Back to Analytics

R / RStudio

Clustering Wines with K-Means and DBSCAN

Coursework · Solo · 2025

RK-MeansDBSCANClusteringUnsupervised LearningUCI Wine Dataset

Question

Can clustering tell us anything meaningful about wine attributes, and how do K-Means and DBSCAN compare on the same dataset?

Hypothesis

I expected K-Means to give cleaner clusters since the wine dataset doesn't have a ton of noise, but I wanted to see how DBSCAN would handle it as a comparison.

Approach

Started by normalizing the wine data so the distance calculations would work properly across features. Used both the elbow method and the silhouette method to pick the right number of clusters, and both pointed to k=3. Ran K-Means with k=3, then ran DBSCAN on the same data to compare how each algorithm handled the structure.

Result

The three K-Means clusters lined up with real wine types. One looked like dark wines with high color intensity and low flavanoids, one looked like high quality wines with high alcohol and phenols, and one looked like simple white wines. DBSCAN gave a different view by also flagging noise points instead of forcing every wine into a cluster. The biggest takeaway was that K-Means is fast and clean but assumes spherical clusters, while DBSCAN handles noise better but is harder to tune with two parameters.

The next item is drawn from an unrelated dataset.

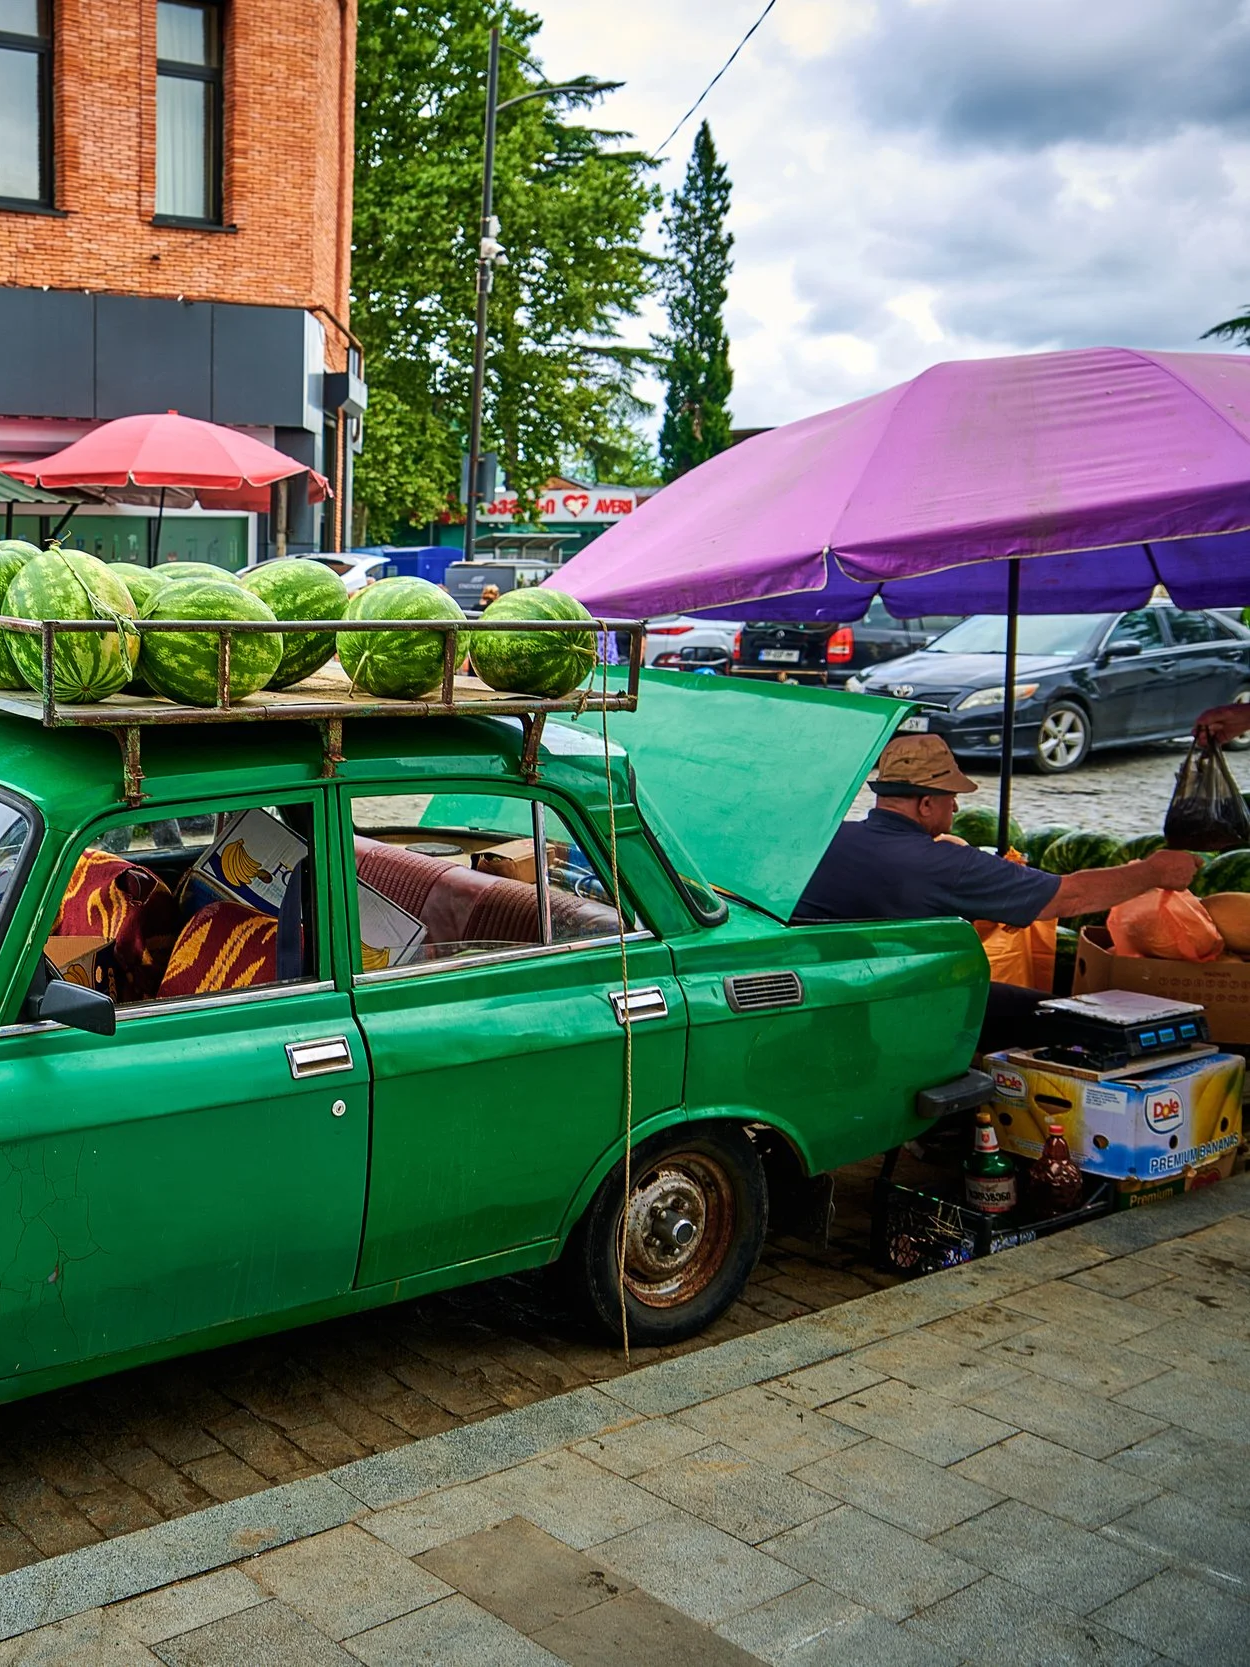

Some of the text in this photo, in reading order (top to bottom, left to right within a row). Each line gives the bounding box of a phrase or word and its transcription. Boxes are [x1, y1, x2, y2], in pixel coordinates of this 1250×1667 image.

Hierarchical Clustering with AGNES and DIANA

Coursework · Solo · 2025

RAGNESDIANAHierarchical ClusteringUnsupervised LearningUCI Wine Dataset

Question

Which hierarchical clustering method gives the cleanest structure on the wine dataset, and which linkage strategy works best?

Hypothesis

I figured one of the AGNES linkage methods would come out on top since they each handle distance differently, but I wanted to see how the divisive method DIANA would stack up too.

Approach

Scaled the wine data first so the distances would be comparable across features. Ran AGNES with four linkage methods (single, complete, average, and Ward) and compared their agglomerative coefficients. Then ran DIANA on the same data to see how a divisive approach would handle it. Cut both trees at k=3 to compare cluster sizes side by side.

Result

AGNES with Ward linkage had the highest agglomerative coefficient, which made it the most cohesive method on this dataset. It also gave more balanced clusters of 69, 58, and 51 wines, while DIANA produced sizes of 91, 38, and 49. I don't think K-Means or DBSCAN would be a better fit here either since K-Means is sensitive to outliers and DBSCAN is built more for finding density. For this dataset, AGNES Ward was the right call.

Predicting Heart Disease with Naive Bayes

Coursework · Solo · 2025

RNaive BayesClassificationHealthcareUCI Heart Disease Dataset

Question

Can a Naive Bayes model predict heart disease using blood pressure and chest pain type?

Hypothesis

I figured the model would find a real pattern since blood pressure and chest pain are both well known risk factors for heart disease.

Approach

I worked through Bayes by hand first to make sure I understood the math. I calculated the conditional probabilities for every combination of blood pressure and chest pain type. Then I built the same model in R using the naiveBayes function on a 60/40 train and validate split with the UCI Heart Disease dataset (303 patients).

Result

The model hit 78.7% accuracy on validation, which sounded good at first. But when I looked at the confusion matrix the model was actually predicting "No" for every single patient. The 78.7% was just because 78.7% of the data was already "No." Specificity was 0%. That taught me accuracy on its own is a bad metric when the classes are imbalanced. With more time I would try oversampling the minority class or weighting the model so it actually learns to spot the "Yes" cases.